Ziemlich genau acht Stunden nach dem Einstieg erreiche Franzi den Gipfel. Das war genau die Zeit, mit der wir gerechnet hatten. Unser Plan war aufgegangen. Wenn man unten mehr Zeit verliert, muss man oben einfach noch schneller sein. Daher leisteten wir uns die erste und einzige längere Pause der Tour. Der Respekt vor dem Abstieg sorgte dafür, dass sie nicht zu lange wurde. Nach einmaligem Abseilen auf die Nordseite stellten wir erleichtert fest, dass wir die Schneefelder umgehen bzw. umklettern konnten und dass das Band weniger schmal war als es in der Beschreibung geklungen hatte. Von der Südschluchtscharte kletterten wir entgegen der Beschreibung direkt in die Schlucht ab.

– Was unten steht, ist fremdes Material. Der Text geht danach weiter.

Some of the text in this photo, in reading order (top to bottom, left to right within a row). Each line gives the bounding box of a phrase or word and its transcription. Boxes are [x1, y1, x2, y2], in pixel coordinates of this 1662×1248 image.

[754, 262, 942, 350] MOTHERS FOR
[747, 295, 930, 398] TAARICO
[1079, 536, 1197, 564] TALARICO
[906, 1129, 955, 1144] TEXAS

Wir waren froh, allein in der Schlucht zu sein. Stellenweise war der Fels brüchig, aber fast überall lag jede Menge Schutt herum. Es war nicht möglich keinen Steinschlag auszulösen. Oft konnte nur einer abklettern, während der andere an einem steinschlagsicheren Ort wartete. Einmal seilten wir auch ab, aber das hätten wir uns besser gespart, weil es in dem gestuften Gelände natürlich zu Seilgewirr kam.

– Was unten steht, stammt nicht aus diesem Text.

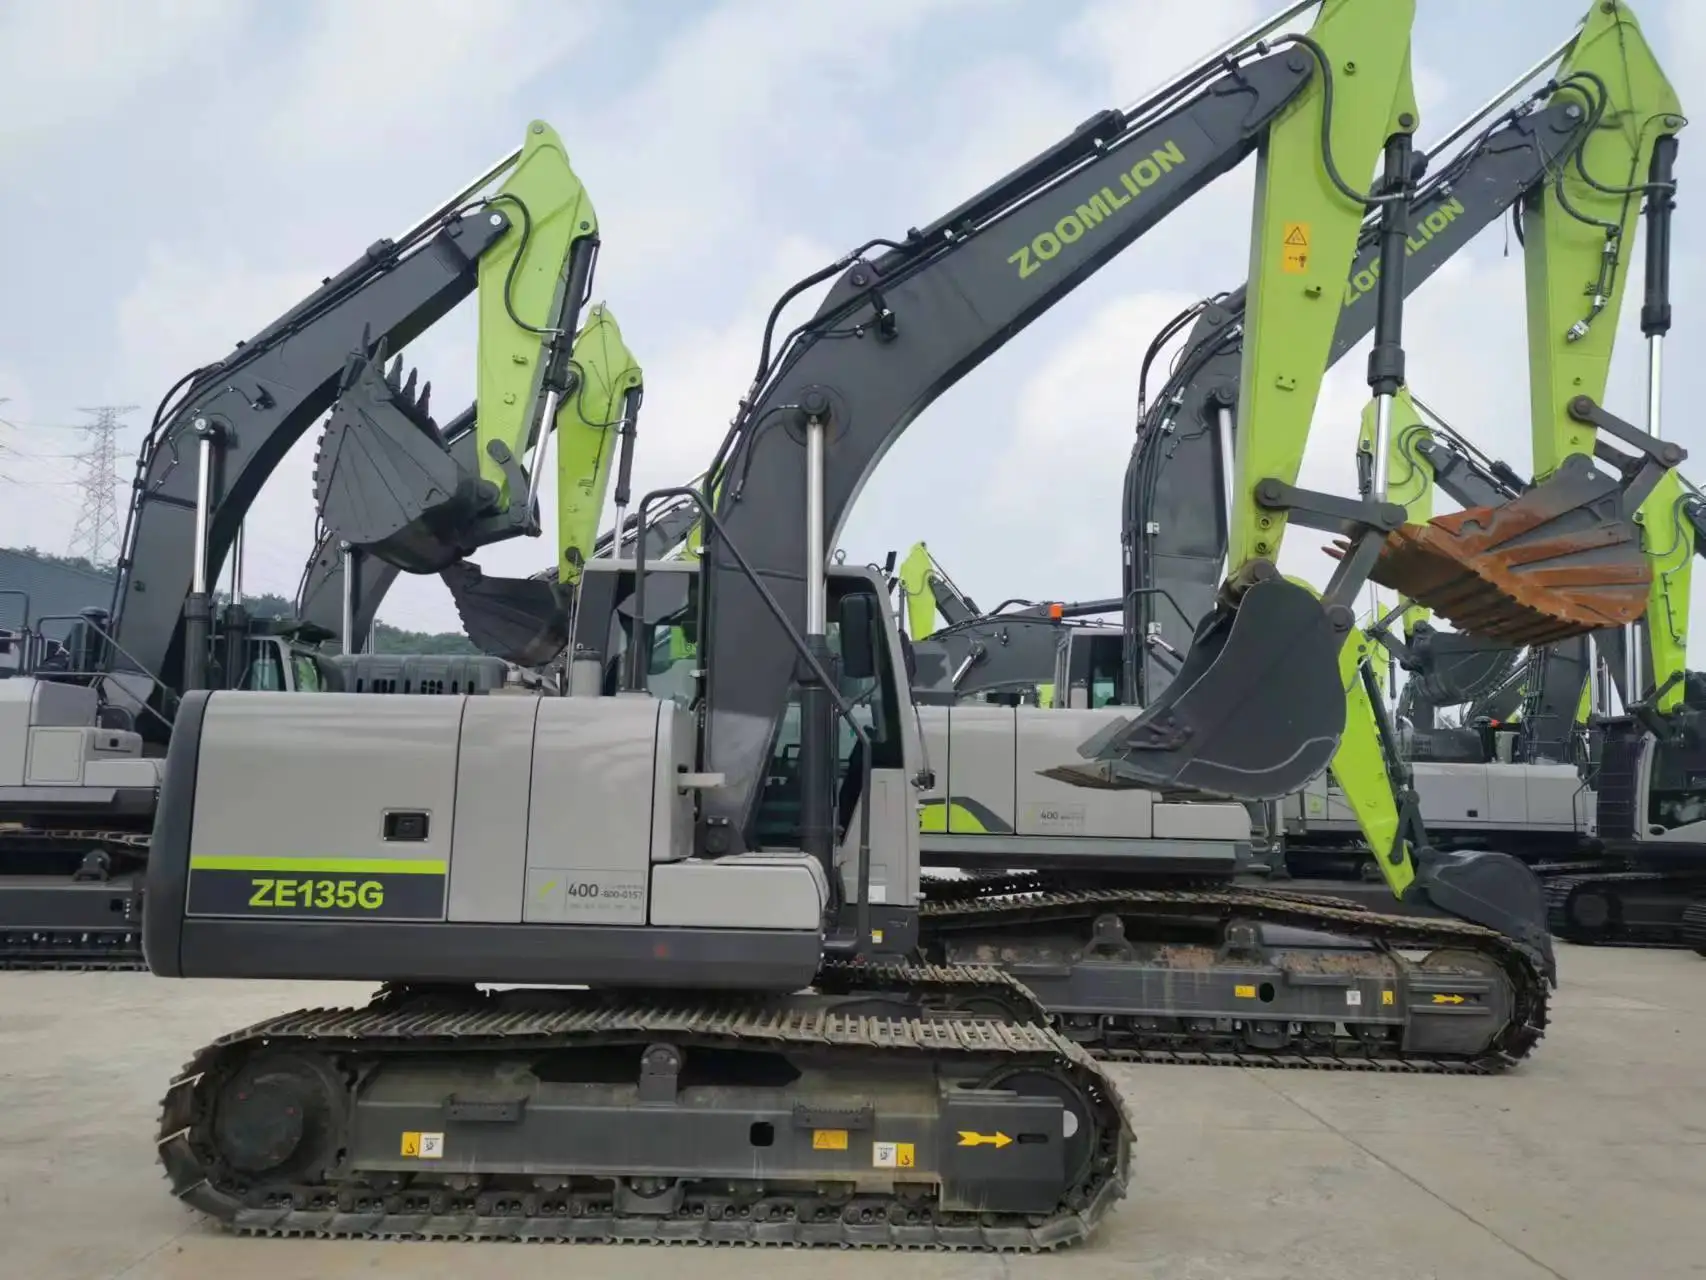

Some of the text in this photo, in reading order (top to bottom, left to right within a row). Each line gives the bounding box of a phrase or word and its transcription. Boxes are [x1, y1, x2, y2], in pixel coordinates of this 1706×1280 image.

[1007, 140, 1186, 279] ZOOMLION
[1344, 196, 1465, 306] ZOLION
[248, 878, 384, 909] ZE135G
[568, 883, 599, 898] 400
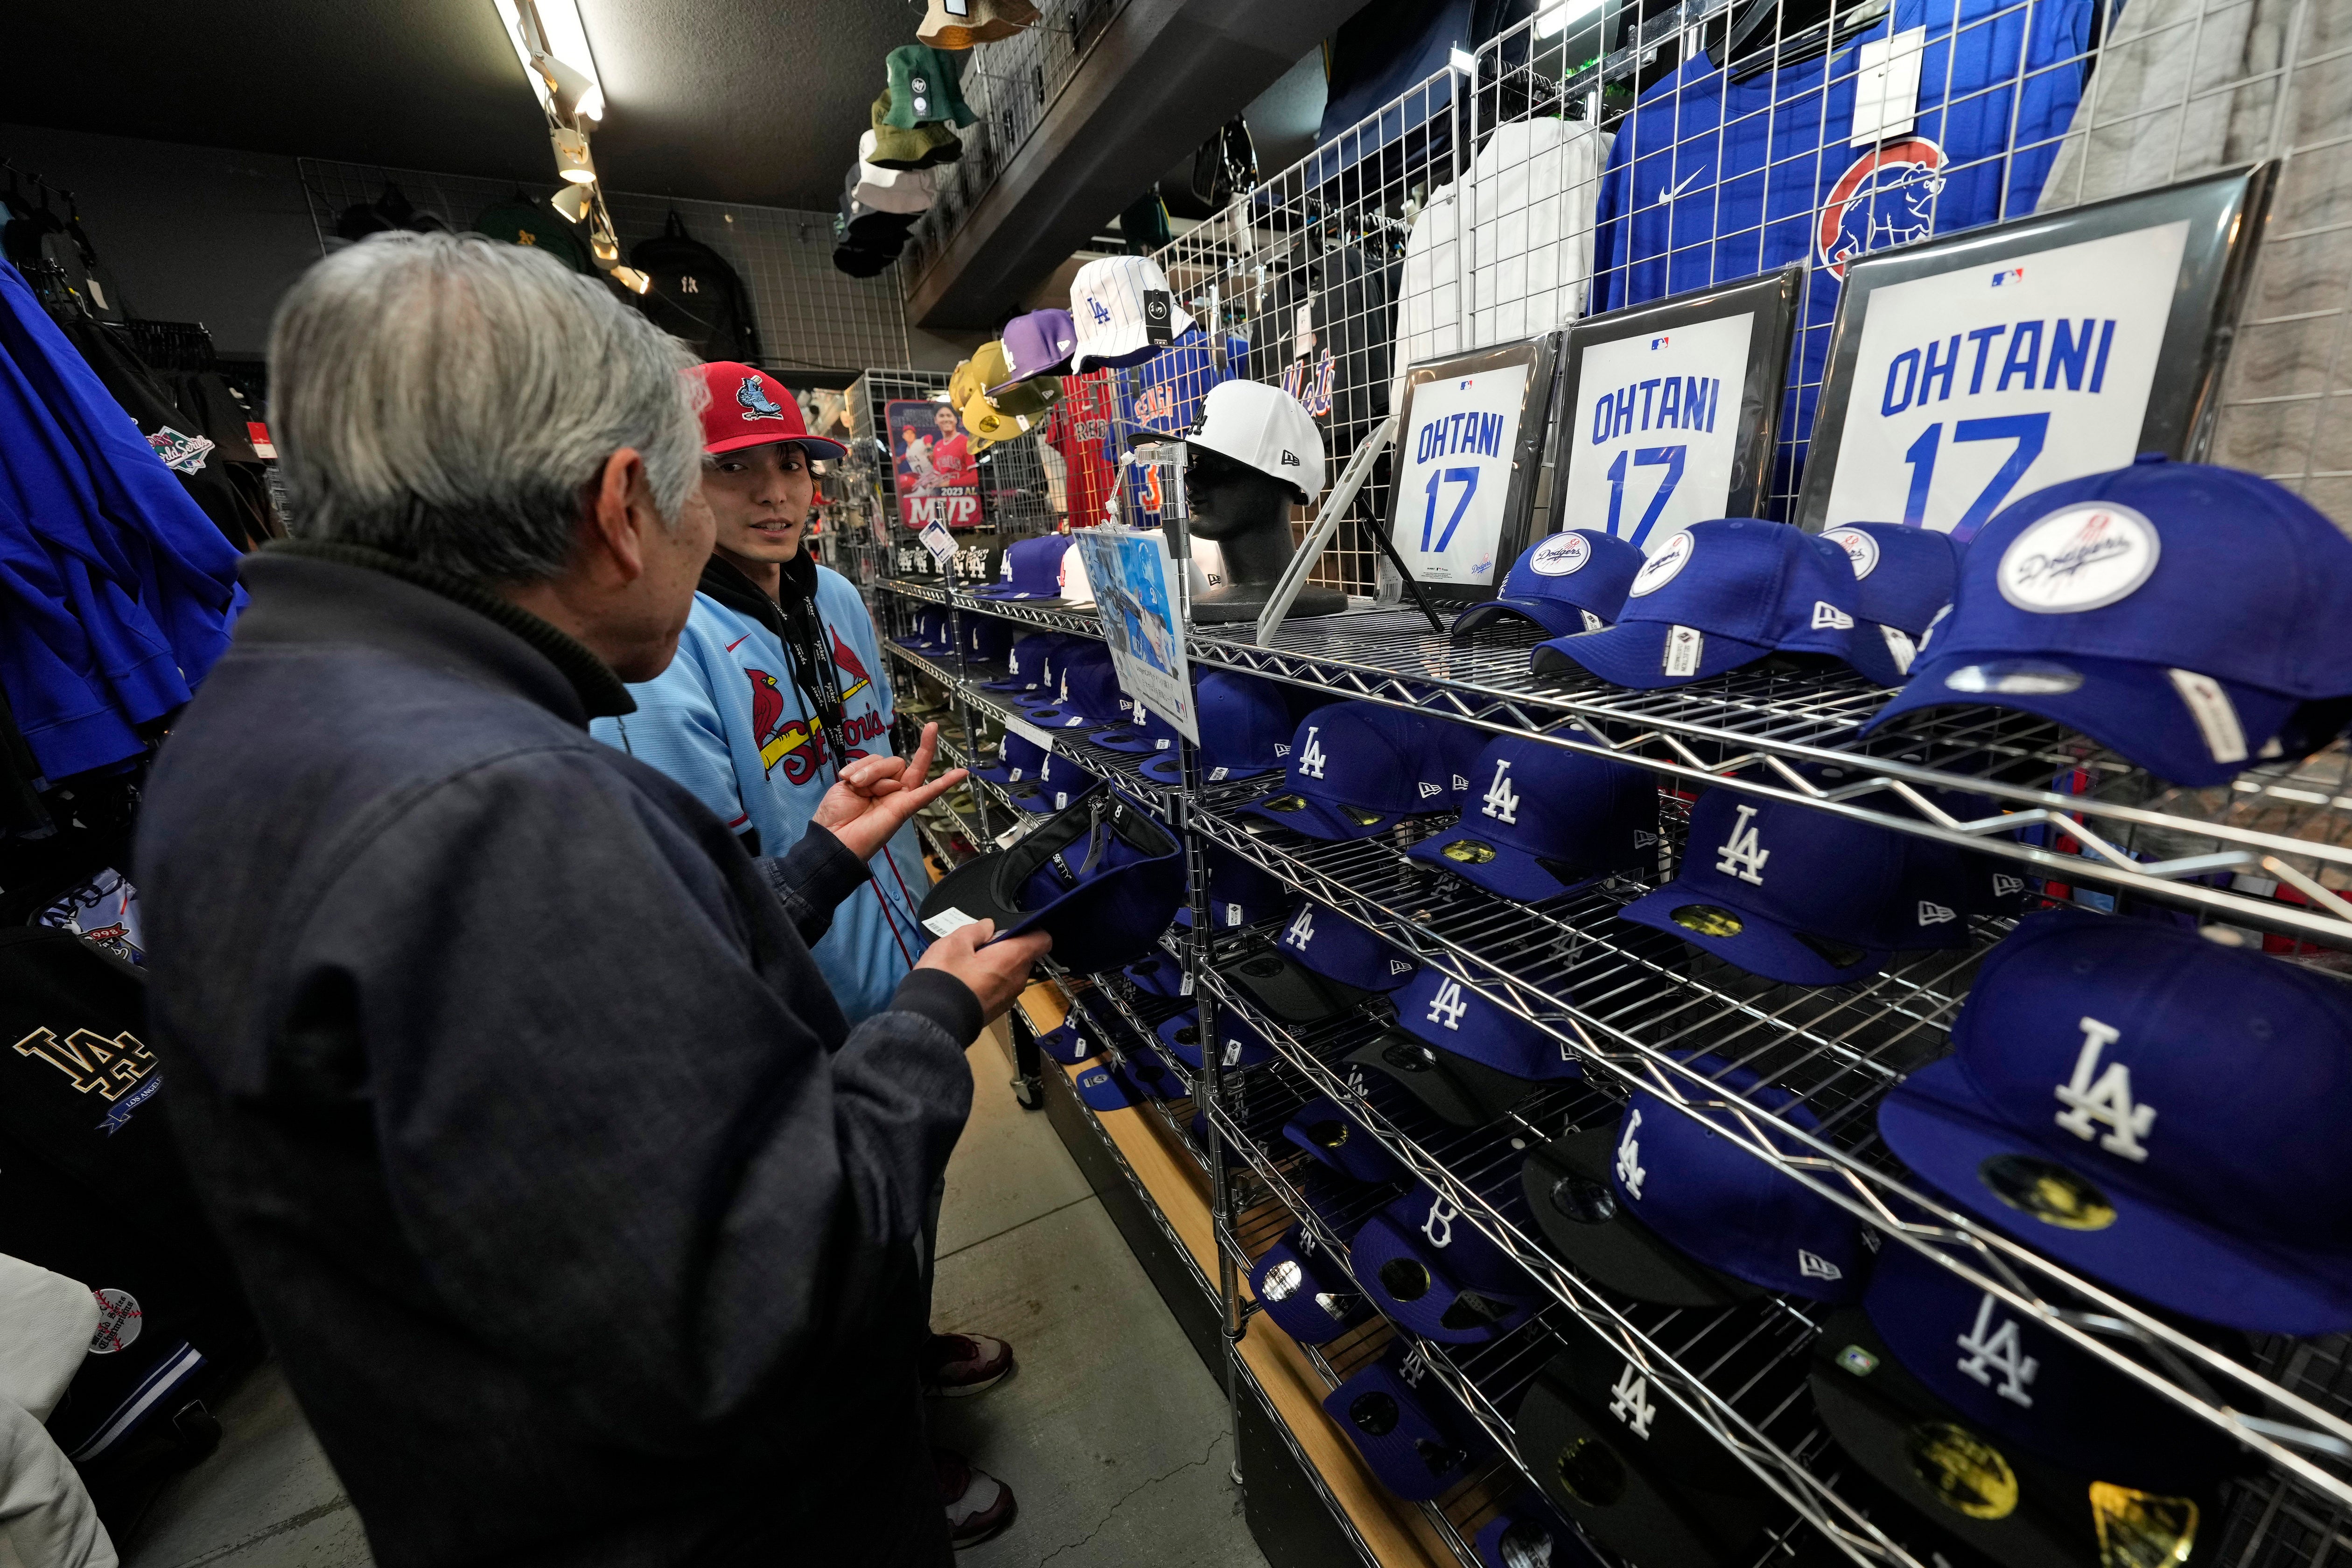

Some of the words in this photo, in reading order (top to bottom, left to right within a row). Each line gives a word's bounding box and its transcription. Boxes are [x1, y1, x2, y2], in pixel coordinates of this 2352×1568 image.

[1087, 297, 1110, 325] LA
[1282, 348, 1335, 415] Mets
[1881, 318, 2117, 418] OHTANI
[1074, 419, 1108, 443] RED
[1187, 394, 1208, 436] LA
[1592, 376, 1720, 445] OHTANI
[175, 434, 208, 457] Series
[1417, 411, 1504, 464] OHTANI
[941, 488, 964, 497] 2023
[964, 486, 978, 496] AL
[1605, 445, 1687, 548] 17
[1902, 411, 2051, 544] 17
[1420, 467, 1480, 553] 17
[1471, 560, 1492, 574] Dodgers
[1536, 547, 1582, 562] Dodgers
[805, 596, 815, 617] socket
[1078, 537, 1115, 641] OHTANI
[814, 640, 826, 662] socket
[825, 682, 837, 704] socket
[834, 724, 844, 746] socket
[1299, 727, 1326, 779] LA
[1115, 805, 1122, 818] 8
[1482, 759, 1519, 826] LA
[1053, 853, 1072, 879] 59FIFTY
[1716, 804, 1770, 886] LA
[91, 929, 119, 939] 998
[1286, 902, 1315, 952] LA
[1427, 976, 1467, 1031] LA
[13, 1026, 160, 1102] LA
[2055, 1017, 2156, 1162] LA
[126, 1096, 141, 1107] LOS
[1616, 1109, 1646, 1201] LA
[1299, 1213, 1316, 1258] LA
[1421, 1183, 1458, 1248] B
[1399, 1349, 1416, 1389] LA
[1957, 1293, 2039, 1409] LA
[1609, 1363, 1656, 1441] LA

Endlich hatten wir den Grassporn erreicht, der den Übergang aus der Schlucht auf eine zum Teil sehr steile Grasrampe vermittelt. Wir wechselten die Schuhe und stiegen nun wesentlich zügiger zum Einstieg ab, an dem wir die Stöcke deponiert hatten. Beim Einbruch der Dunkelheit hatten wir die Alm erreicht. Wir hielten uns nicht länger auf, denn nach der Tour würde eine lange Heimfahrt warten und am nächsten Morgen mussten wir früh zur Arbeit gehen. Nach 12 ¾ Stunden waren wir dank Fahrstraße ohne Stirnlampenlicht zurück am Auto. Intensive Stunden lagen hinter uns.

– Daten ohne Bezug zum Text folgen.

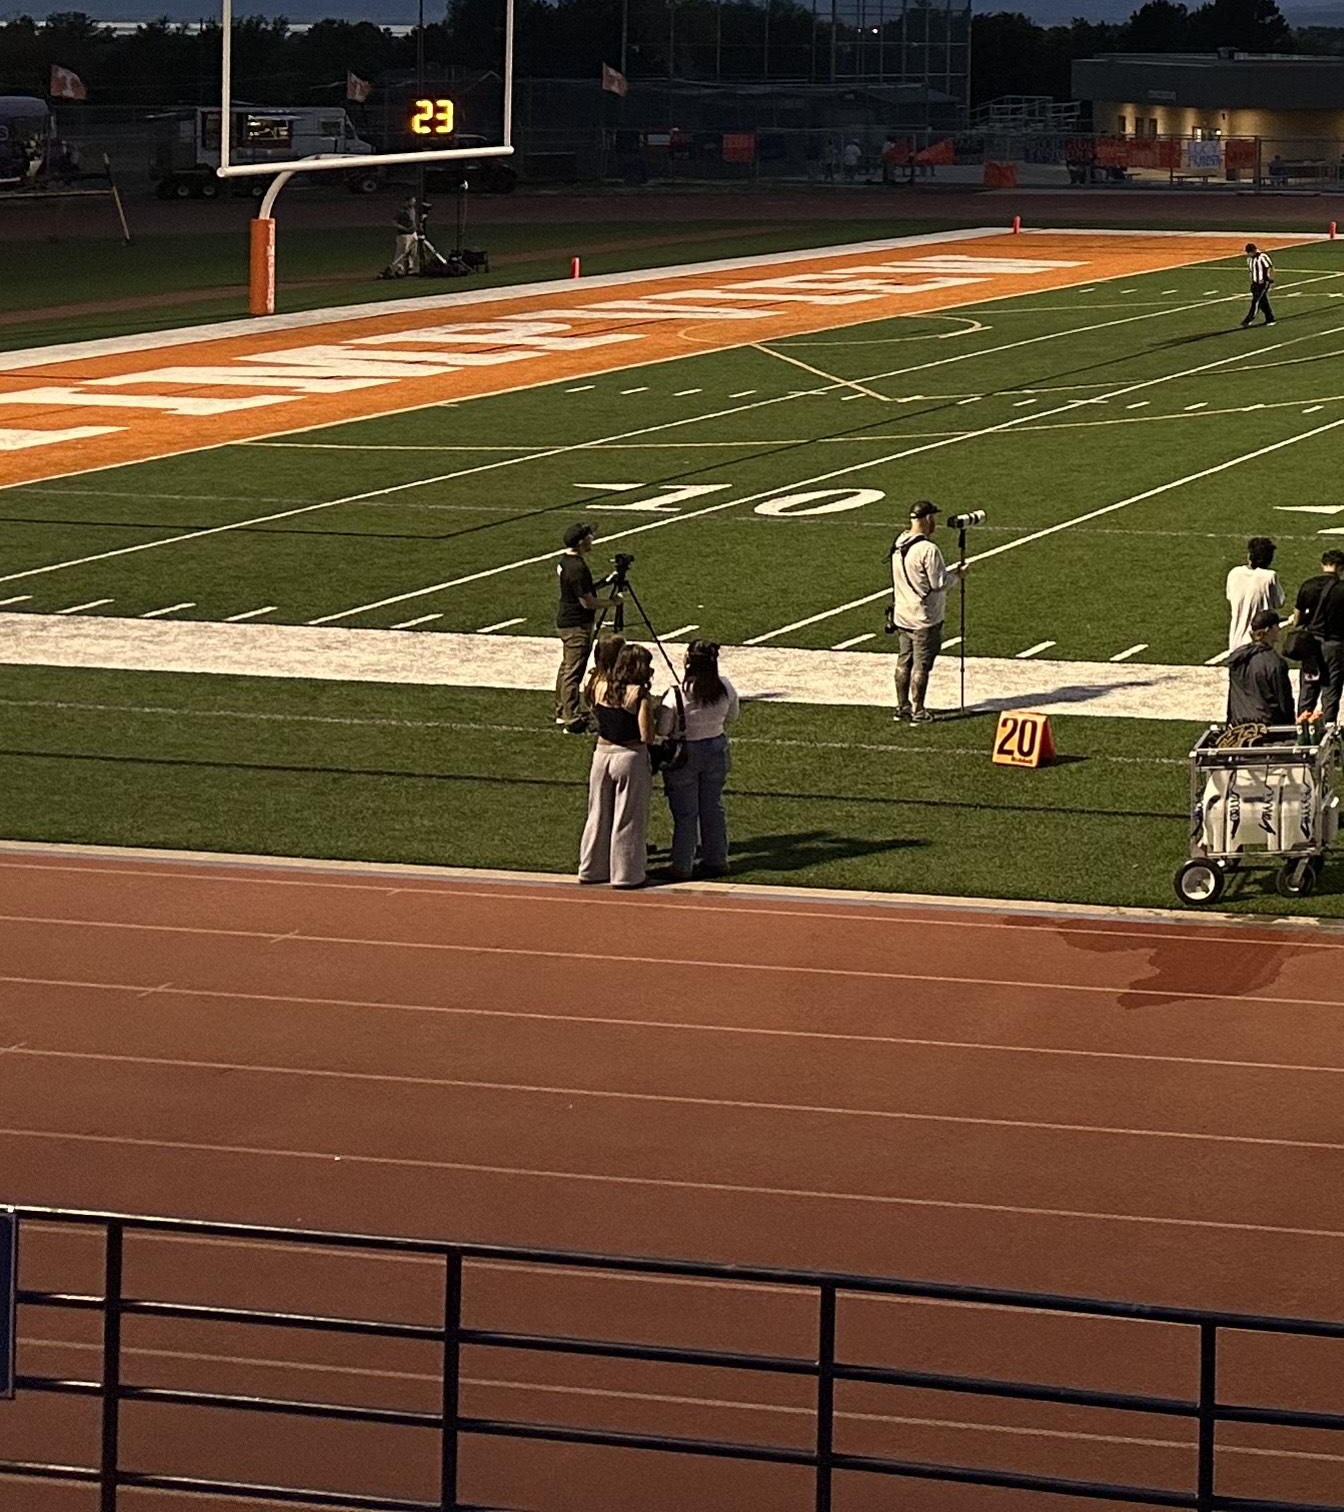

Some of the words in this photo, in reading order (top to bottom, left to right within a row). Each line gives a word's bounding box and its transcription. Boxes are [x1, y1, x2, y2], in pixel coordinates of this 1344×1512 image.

[413, 99, 454, 134] 23
[0, 255, 1091, 451] IMPVIEW
[586, 484, 886, 516] 10
[996, 717, 1038, 757] 20

Die Tour hätte einen guten Abschluss der Alpinklettersaison ergeben. Doch wir hatten noch nicht genug. Einige Tage später brachen wir wieder im Stirnlampenlicht auf. Die Route der Wahl hatte drei Seillängen weniger, dafür aber einen längeren Zustieg und einen ebenfalls komplizierten Abstieg. Wieder kamen wir Dank Fahrstraße nach 12 ¾ Stunden ohne Stirnlampe in Dunkelheit am Auto an. Aber das ist eine andere Geschichte... Danach war die Saison wirklich beendet. Die letzte Möglichkeit für eine lange Klettertour verpassten wir krankheitsbedingt.
Nun warten wir auf den Sommer und trainieren dafür. Das Buch „Longlines“ ist Stammgast auf dem Couchtisch.